Monday, April 23, 2012

Happiness in times post-modern

I must have felt an inescapable loneliness when I first read this a few months ago to recall it even now. 

From Cosmic Neutrality, by Fredric Jameson. London Review of Books. Vol. 33 No. 20 · 20 October 2011 pages 17-18:

[T]his particular fairytale is perhaps not so affirmative when it comes to the value of chance meetings. It tells of a country boy who seeks, not to make his fortune, but only to return home with it (he has just served an apprenticeship of the traditional seven years and received his accumulated savings in the form of a lump of gold). In the first of many chance meetings, admiring the alacrity of a passing horseman, Hans is offered the horse itself in exchange for the troublesome lump of gold, an offer he is happy to accept. Then, after being thrown by the horse, he is not unwilling to exchange it for a cow, led by a farmer who explains the advantages of its sustenance, in the form of milk, butter and cheese.
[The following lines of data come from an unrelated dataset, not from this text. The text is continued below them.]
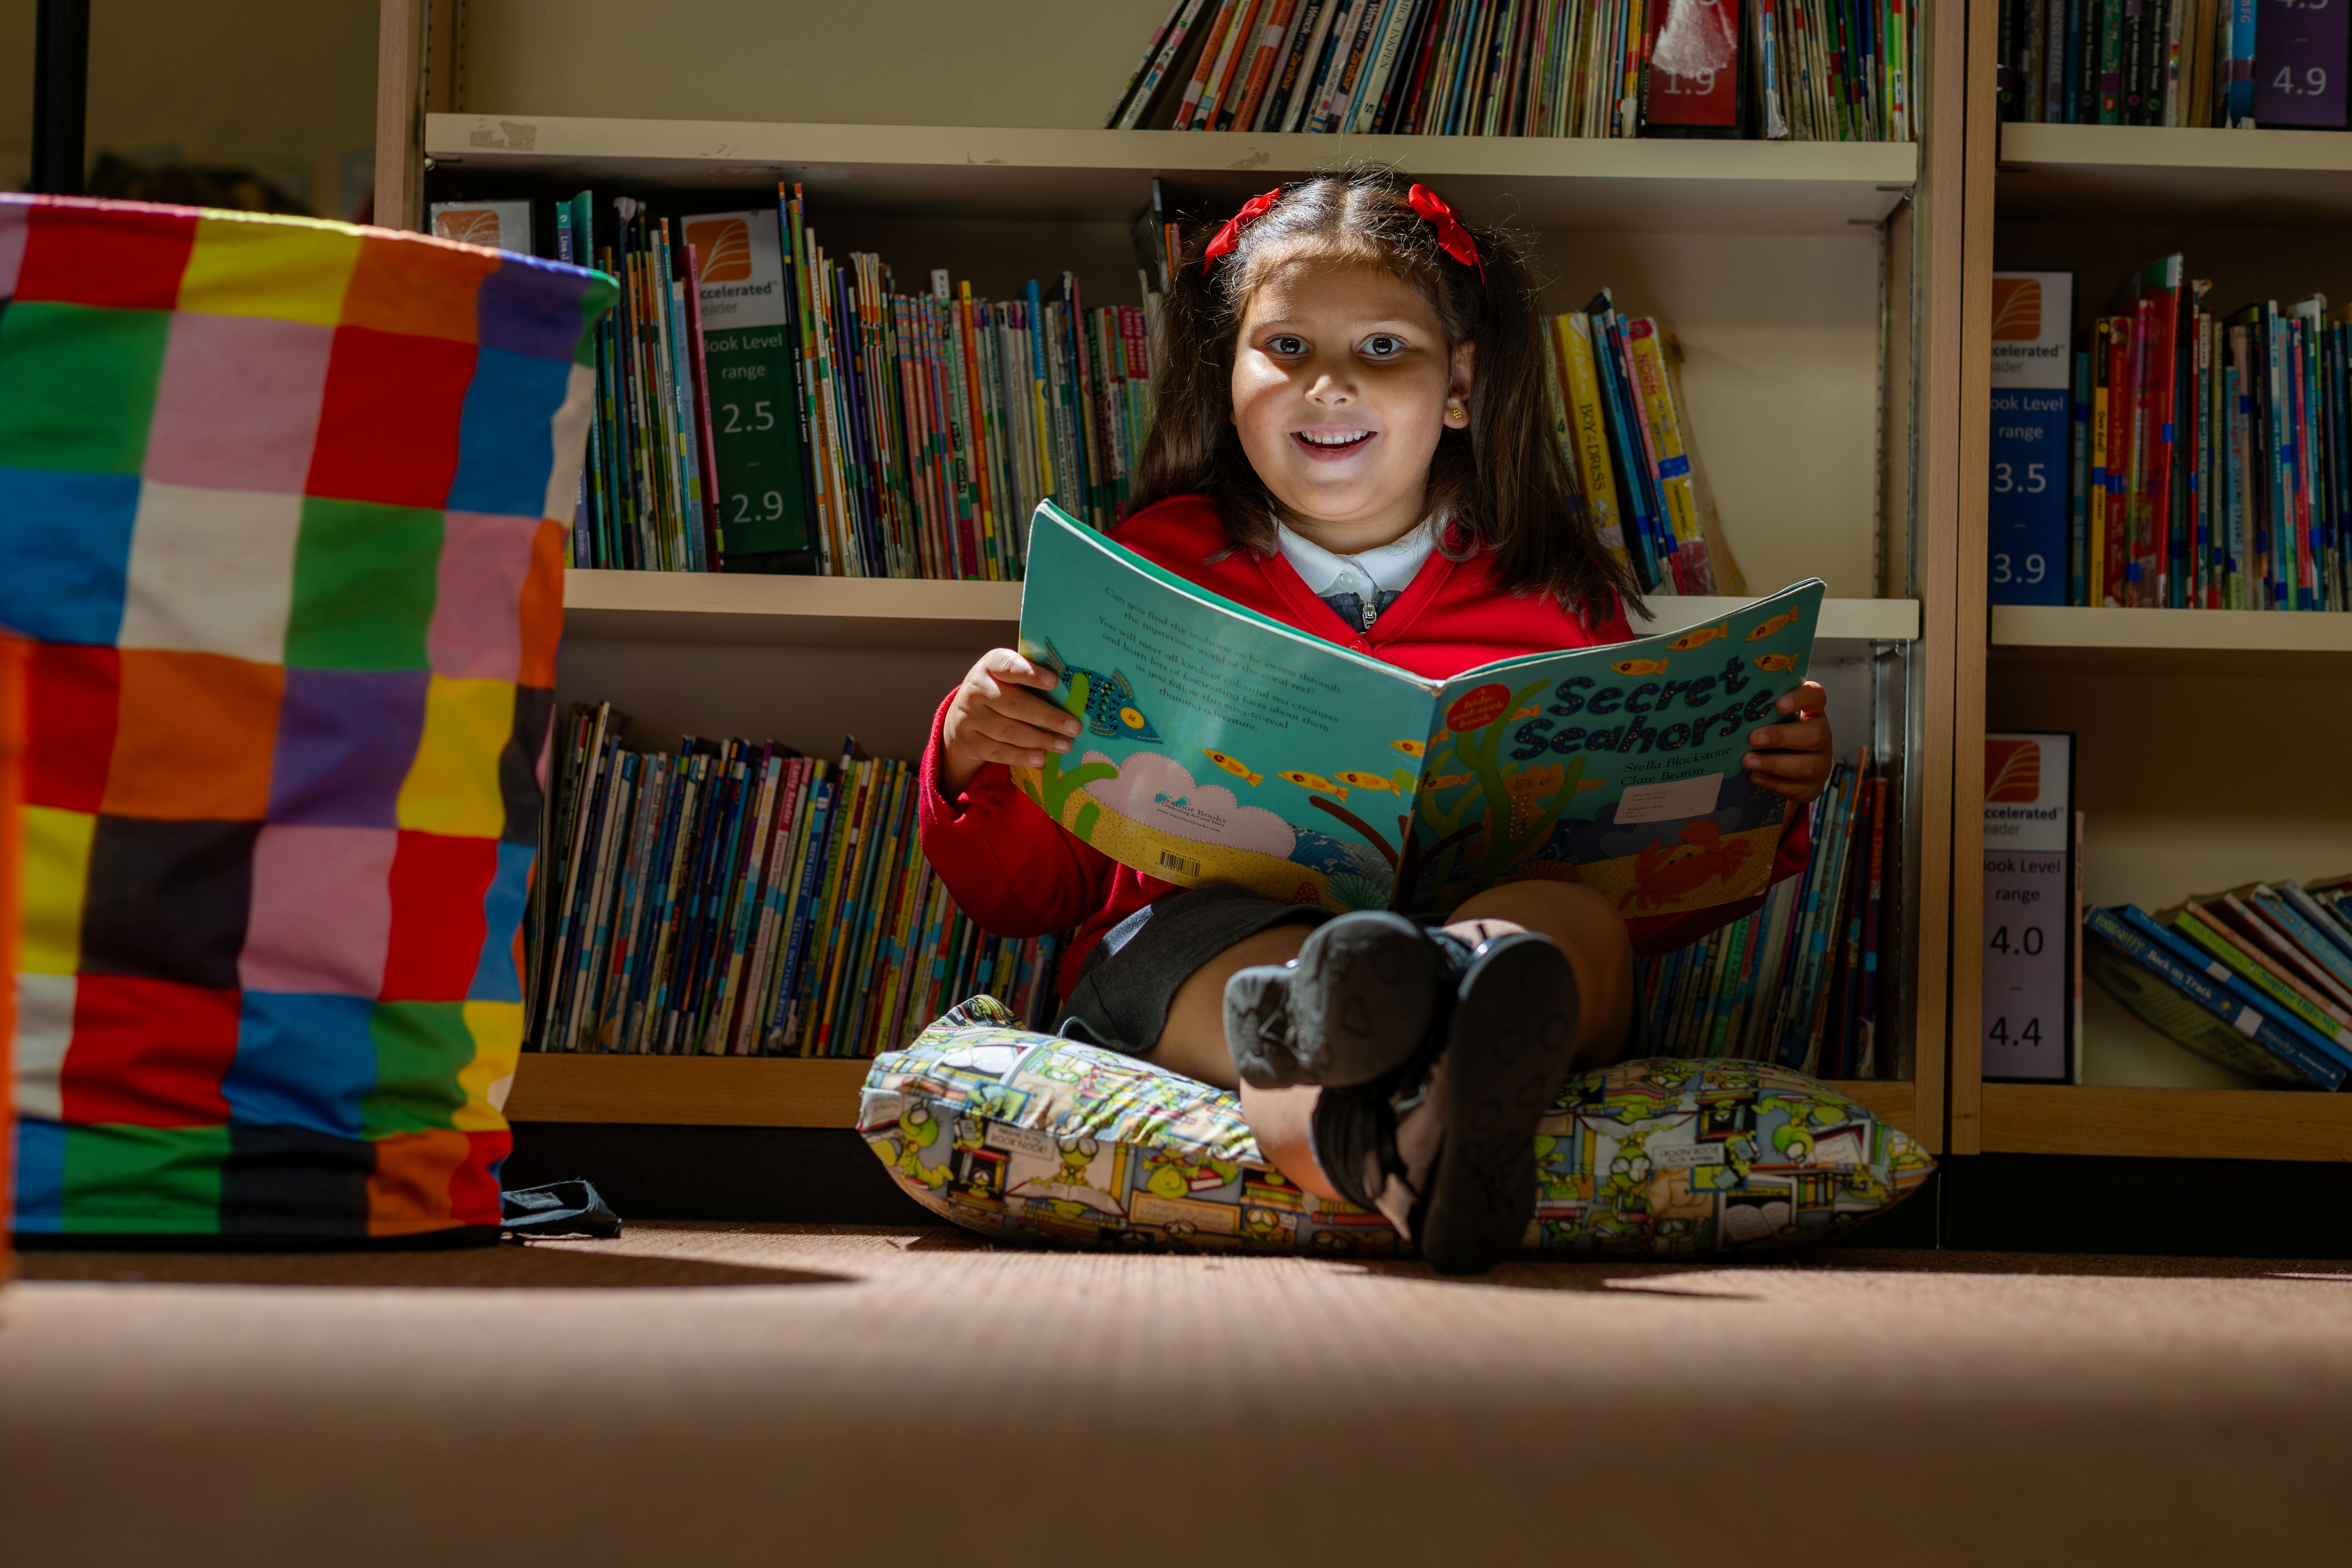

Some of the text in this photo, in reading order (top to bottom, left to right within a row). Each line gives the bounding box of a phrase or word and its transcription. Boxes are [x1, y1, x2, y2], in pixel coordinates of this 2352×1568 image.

[1300, 4, 1319, 35] Wreck
[1360, 1, 1379, 33] Wreck
[1379, 27, 1401, 69] INKPEN
[1280, 51, 1303, 93] Zanzibar
[1341, 49, 1363, 90] Zanzibar
[1664, 66, 1716, 96] 1.9
[2272, 65, 2327, 96] 4.9
[701, 284, 772, 299] ccelerated
[701, 302, 738, 316] eader
[742, 332, 782, 350] Level
[1993, 344, 2058, 358] celerated
[721, 364, 766, 381] range
[794, 361, 803, 383] Simple
[1635, 352, 1657, 397] NORM
[797, 385, 806, 410] Science
[1991, 394, 2064, 412] ook Level
[722, 400, 775, 434] 2.5
[800, 413, 806, 421] of
[1579, 403, 1607, 492] BOY DRESS
[1998, 426, 2044, 443] range
[1993, 463, 2047, 494] 3.5
[731, 490, 784, 524] 2.9
[1992, 553, 2046, 584] 3.9
[1105, 587, 1125, 604] Can
[1128, 603, 1145, 615] you
[1148, 611, 1168, 626] find
[1171, 622, 1187, 635] the
[1190, 632, 1231, 653] seahorse
[1250, 653, 1261, 664] he
[1265, 661, 1296, 677] swims
[1299, 673, 1340, 693] through
[1124, 612, 1140, 625] the
[1143, 622, 1194, 650] mysterious
[1198, 648, 1225, 664] world
[1242, 665, 1258, 675] the
[1262, 673, 1288, 686] coral
[1292, 683, 1316, 695] reef?
[1099, 615, 1116, 632] You
[1119, 629, 1136, 642] will
[1139, 641, 1162, 655] meet
[1165, 653, 1178, 663] all
[1181, 658, 1208, 675] kinds
[1223, 678, 1269, 699] colourful
[1272, 695, 1289, 706] sea
[1292, 702, 1339, 723] creatures
[1102, 633, 1120, 647] and
[1123, 642, 1147, 661] learn
[1151, 657, 1167, 671] lots
[1183, 672, 1239, 702] fascinating
[1242, 696, 1267, 709] facts
[1269, 706, 1299, 721] about
[1302, 717, 1329, 732] them
[1136, 664, 1289, 729] as you follow this easy-to-read
[1476, 688, 1486, 697] A
[1548, 655, 1749, 716] Secret
[1159, 687, 1258, 731] rhyming adventure.
[1450, 701, 1503, 722] and-seek
[1464, 696, 1495, 709] hide-
[1459, 713, 1490, 728] book
[1509, 689, 1775, 760] Seahorse
[1624, 747, 1731, 773] Stella Blackstone
[786, 762, 802, 790] Early
[1621, 768, 1704, 786] Clare Beaton
[780, 790, 797, 825] Reader
[1155, 793, 1227, 824] Barefoot Books
[1157, 808, 1220, 833] www.barefootbooks.com
[1161, 802, 1190, 817] Celebrating
[1984, 806, 2057, 820] ccelerated
[1871, 785, 1887, 874] Roald Dahl
[1984, 822, 2021, 836] eader
[770, 834, 787, 887] Francesca Simo
[798, 839, 818, 896] JUDITH KERR
[2020, 858, 2060, 874] Level
[1995, 888, 2041, 905] range
[1990, 926, 2045, 956] 4.0
[773, 915, 804, 1023] TIGER WHO CAME TO TEA
[2145, 947, 2215, 1001] Back on Track
[1795, 962, 1815, 1028] Lucy Daniels
[2258, 969, 2299, 1002] Sophie
[1989, 1016, 2043, 1047] 4.4
But it milks poorly, and a passing butcher persuades him of the benefits of a young pig, for which he gladly exchanges it; a bargain then soon enough replaced by the swap of a fat goose; and so on and so forth until he loses the final avatar – a grindstone – in a well and, no longer burdened by that weight either, joyously reaches home with nothing left in his pockets at all. ‘There is no man under the sun so fortunate as I,’ he cries happily as he greets his mother. We should take into consideration the possibility that this really is a happy ending...
This ending is quite different from typical happy endings, but perhaps its closer to what we have now, as in Pontoppidan's 'Lucky Per':
The place had a special attraction for [Per] personally and, as he now realised, just because of its sterile and sad deserted nature, its full solitude. It seemed to him that he never had looked so deeply into himself as at that moment. It was as if he saw the ground of his own Being uncovered and was staring at it. When, in spite of all the good fortune that had come his way, he wasn’t happy, it was because he had not wanted to be happy in the general sense of the word.
...‘Il faut imaginer Sisyphe heureux,’ Camus concluded superbly, at the end of his book on the uselessness of passion. In just that way we must imagine that the fairytale of stupid Hans has a happy ending; and that Lucky Per himself has managed to get beyond success or failure.